A HOUSE where iconic poet and playwright Federico García Lorca spent his summer holidays is on sale for €3 million.
Owned by Lorca's nieces, the villa in Nerja (Málaga province) near the Balcón de Europa, is over 100 years old but 'in excellent condition' and 'maintains its original features, antiques, history, and the atmosphere of its time', according to details of the property.
It includes a 1,400-square-metre (about a third of an acre) allotment, is a two-storey building and is around 170 square metres on each floor.
With five bedrooms and five bathrooms, Lorca's summer house looks over the Balcón de Europa on one side and over the cliffs to the Maro-Cerro Gordo hillside on the other.
The author of now world-famous plays such as Bodas de Sangre ('Blood Wedding') and La Casa de Bernarda Alba ('The House of Bernarda Alba') spent his summer holidays at the Nerja property in the 1920s and early 1930s – in fact, right up until he was murdered by dictator General Franco's military exactly 84 years ago today (August 18) in 1936, the year the Civil War broke out.
Lorca's body was dumped in an unmarked grave, probably along with multiple other victims of the régime, and where he is buried is one of Spain's greatest modern mysteries.

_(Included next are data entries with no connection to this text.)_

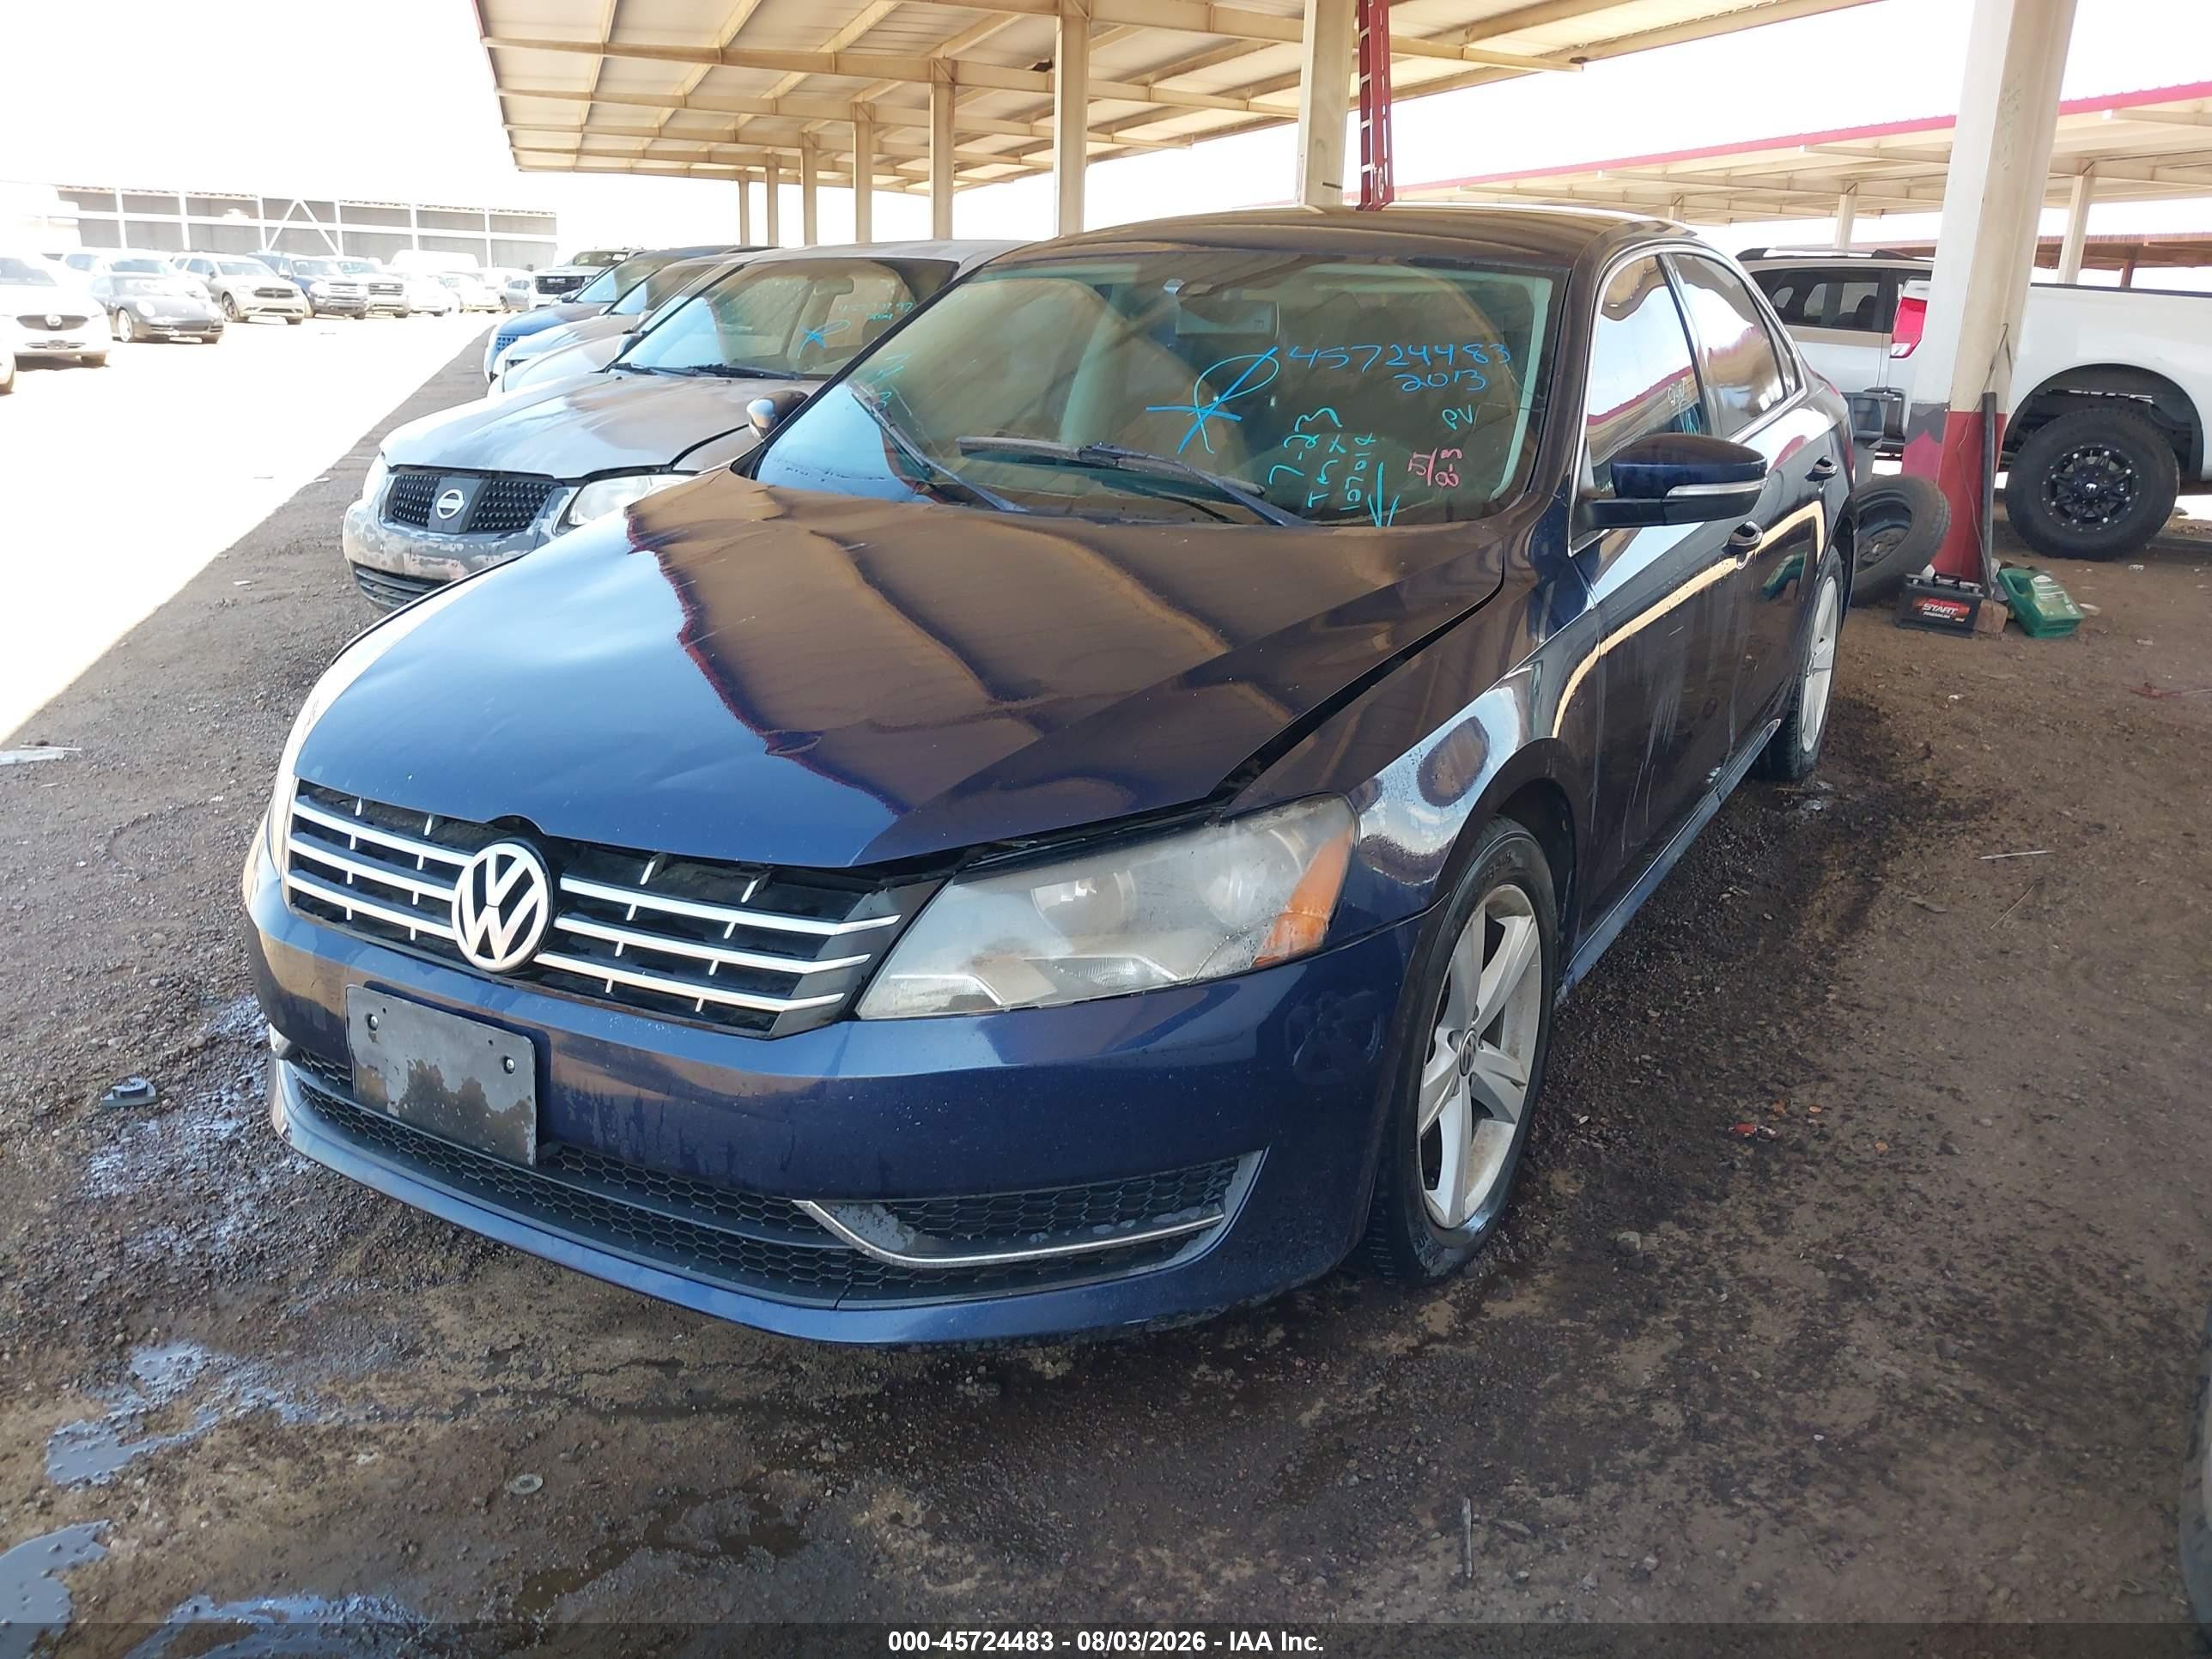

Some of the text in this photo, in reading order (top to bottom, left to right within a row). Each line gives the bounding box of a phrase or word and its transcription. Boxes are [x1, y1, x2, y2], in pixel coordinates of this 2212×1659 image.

[1289, 343, 1511, 373] 45724483
[1394, 369, 1487, 392] 2013
[1922, 603, 1959, 615] START
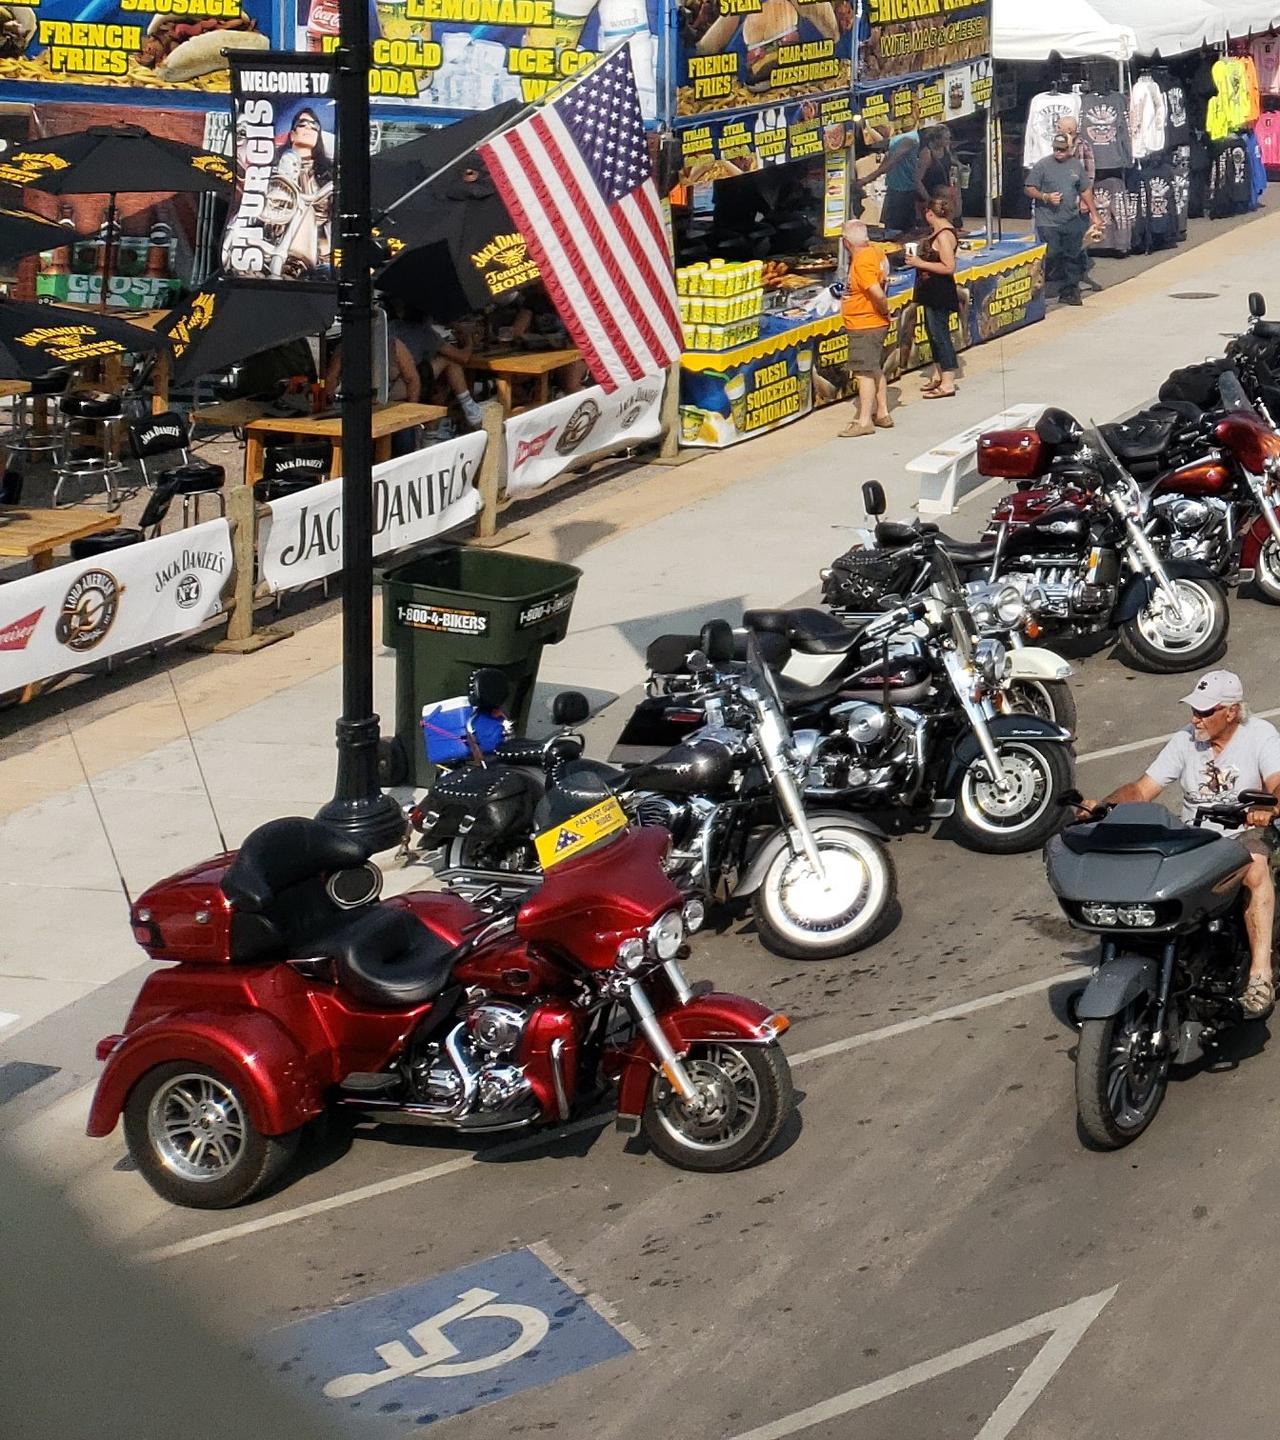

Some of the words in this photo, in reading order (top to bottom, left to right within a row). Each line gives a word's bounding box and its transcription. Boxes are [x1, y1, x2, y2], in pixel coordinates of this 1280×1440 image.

[39, 20, 142, 50] FRENCH
[880, 32, 912, 58] WITH
[912, 26, 938, 52] MAC
[948, 15, 985, 44] CHEESE
[51, 48, 129, 74] FRIES
[373, 38, 442, 69] COLD
[508, 47, 555, 75] ICE
[687, 53, 738, 79] FRENCH
[778, 39, 834, 65] CHAR-GRILLED
[240, 70, 309, 92] WELCOME
[310, 72, 330, 93] TO
[369, 70, 419, 97] ODA
[694, 74, 732, 97] FRIES
[769, 58, 841, 87] CHEESEBURGERS
[231, 98, 276, 272] STURGIS
[489, 267, 541, 295] HONE
[754, 361, 788, 388] FRESH
[746, 376, 798, 411] SQUEEZED
[745, 393, 800, 431] LEMONADE
[280, 506, 342, 567] JAC
[372, 453, 473, 536] DANIEL'S
[154, 560, 181, 593] JACK
[182, 549, 226, 575] DANIEL'S
[65, 583, 85, 610] LOUD
[397, 607, 487, 631] 1-800-4-BIKERS
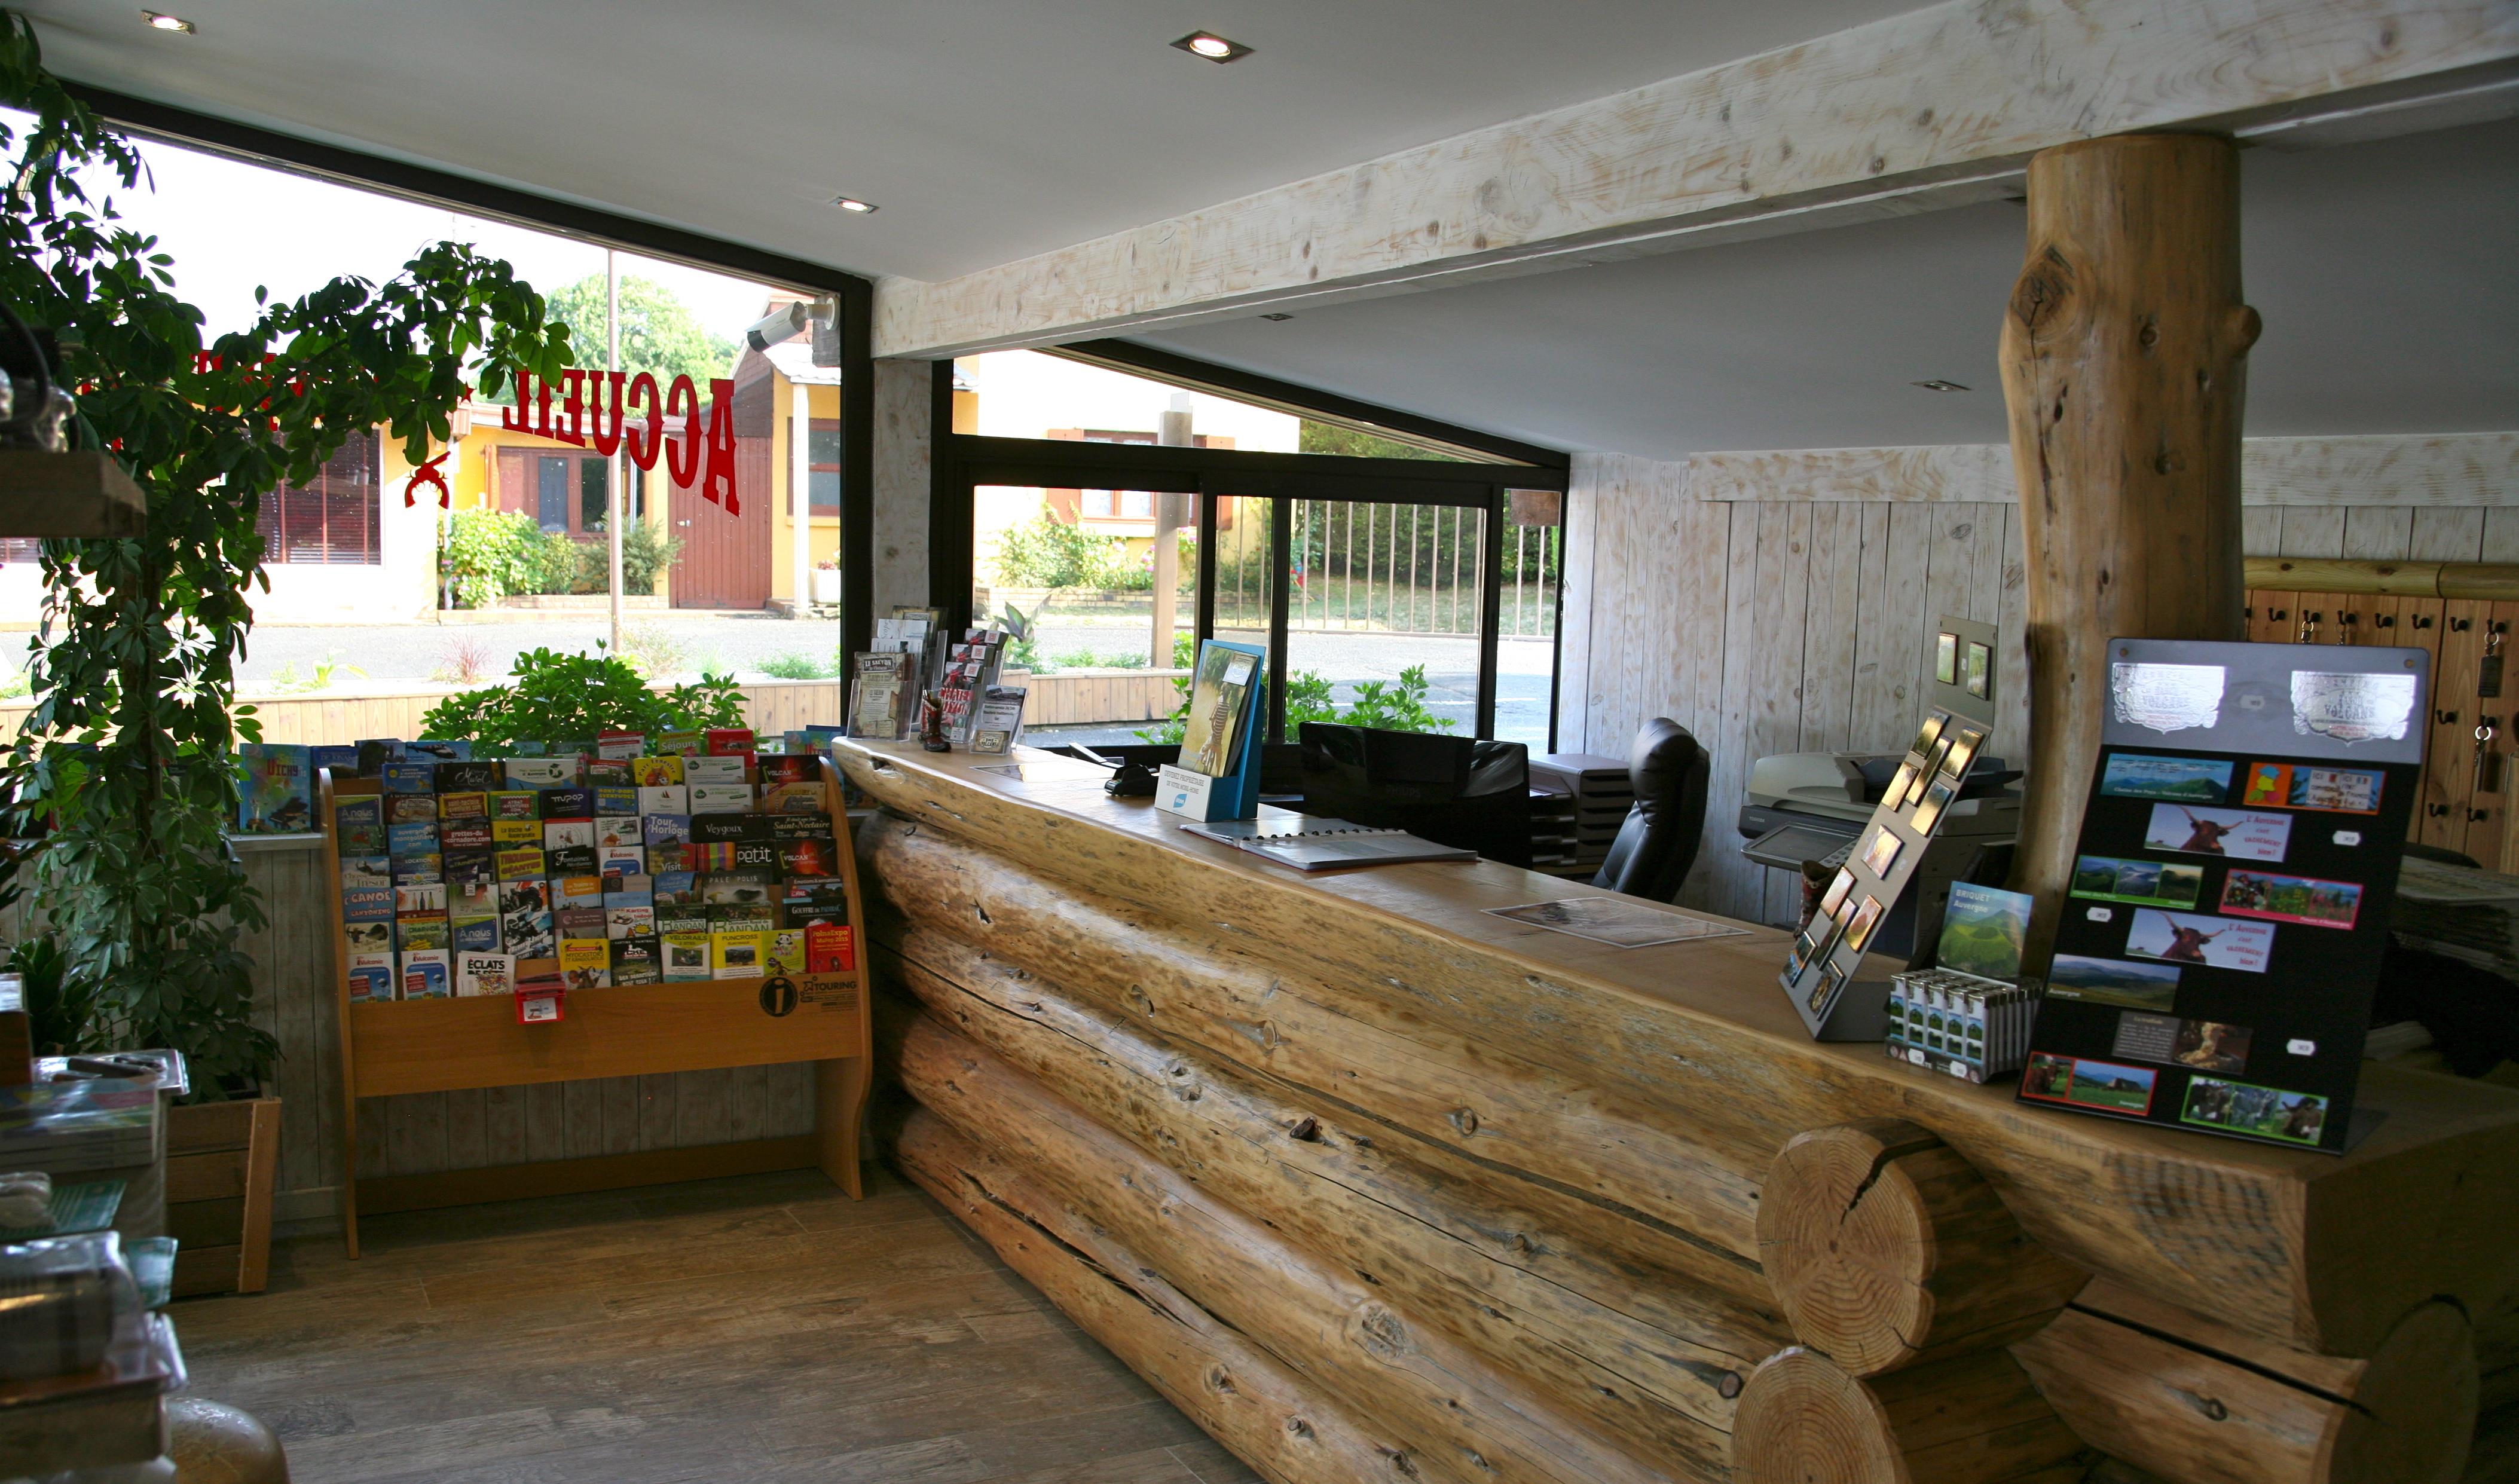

The Nerja house belongs to Isabel, Gloria and Laura, the daughters of the playwright's brother Francisco García Lorca, after they inherited it from their mum, Federico's sister-in-law Laura de los Ríos Giner.
Laura de los Ríos was the great-niece of Alberto Giner Cossío, a doctor from Vélez-Málaga who moved to Nerja in 1870 and bought up a number of houses – including the one now on sale – in what was then a humble fishermen's neighbourhood.